— ACTIVITY —
Below are records that contain pictures; transcribe the text exactly and omit the pictures.

====

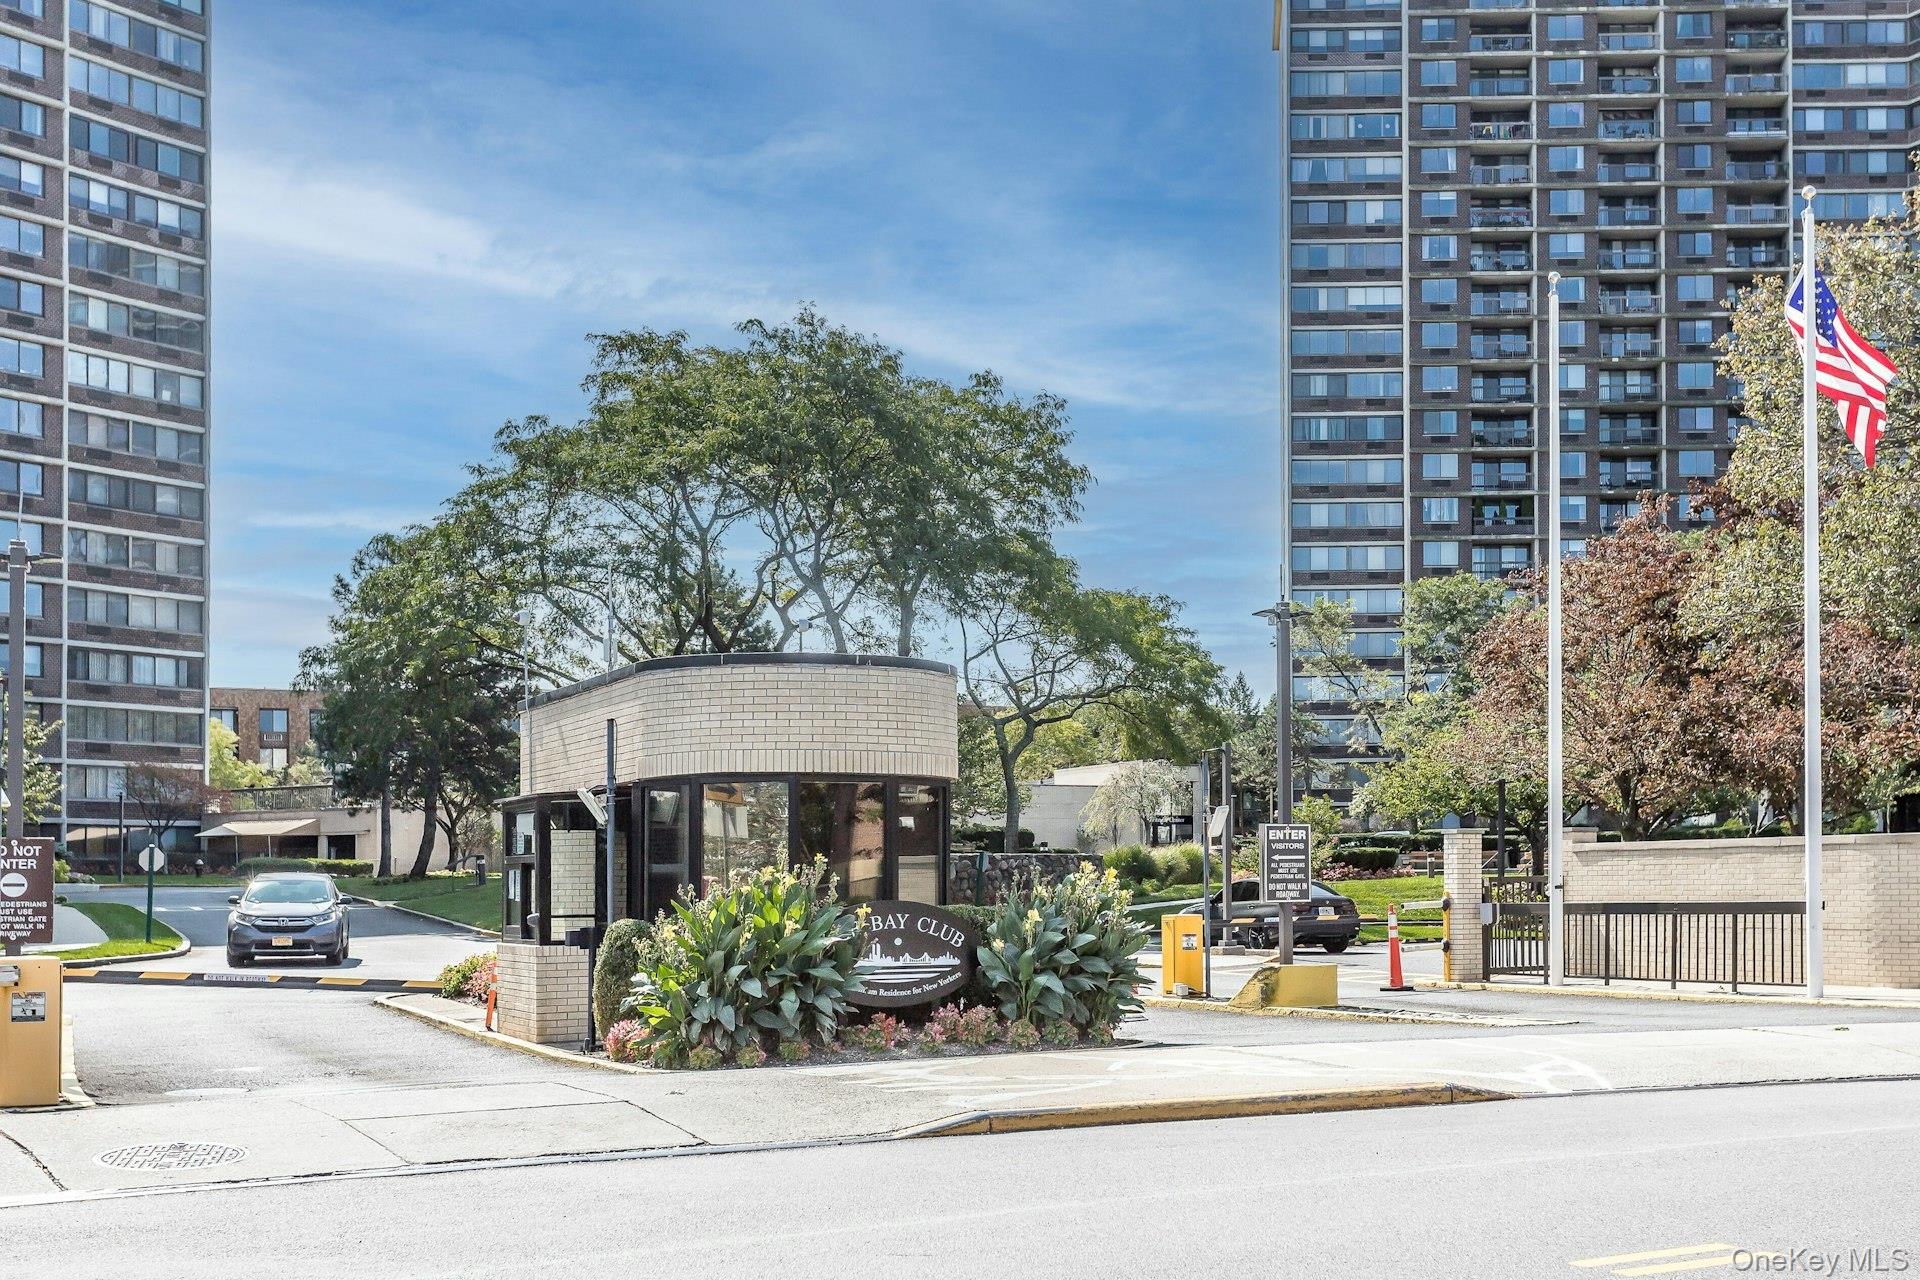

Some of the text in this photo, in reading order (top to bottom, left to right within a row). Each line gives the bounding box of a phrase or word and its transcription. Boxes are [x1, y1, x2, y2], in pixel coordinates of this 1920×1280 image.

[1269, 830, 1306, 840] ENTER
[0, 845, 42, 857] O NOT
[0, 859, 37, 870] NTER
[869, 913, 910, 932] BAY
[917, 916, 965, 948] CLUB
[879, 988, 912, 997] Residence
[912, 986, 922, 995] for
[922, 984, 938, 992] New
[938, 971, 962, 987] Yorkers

====

— WRITTEN ANSWER —
Some of the text in this photo, in reading order (top to bottom, left to right within a row). Each line gives the bounding box of a phrase or word and its transcription. Boxes are [x1, y1, x2, y2], in pixel coordinates of this 1920×1280 image.

[1269, 830, 1306, 840] ENTER
[0, 845, 42, 857] O NOT
[0, 859, 37, 870] NTER
[869, 913, 910, 932] BAY
[917, 916, 965, 948] CLUB
[879, 988, 912, 997] Residence
[912, 986, 922, 995] for
[922, 984, 938, 992] New
[938, 971, 962, 987] Yorkers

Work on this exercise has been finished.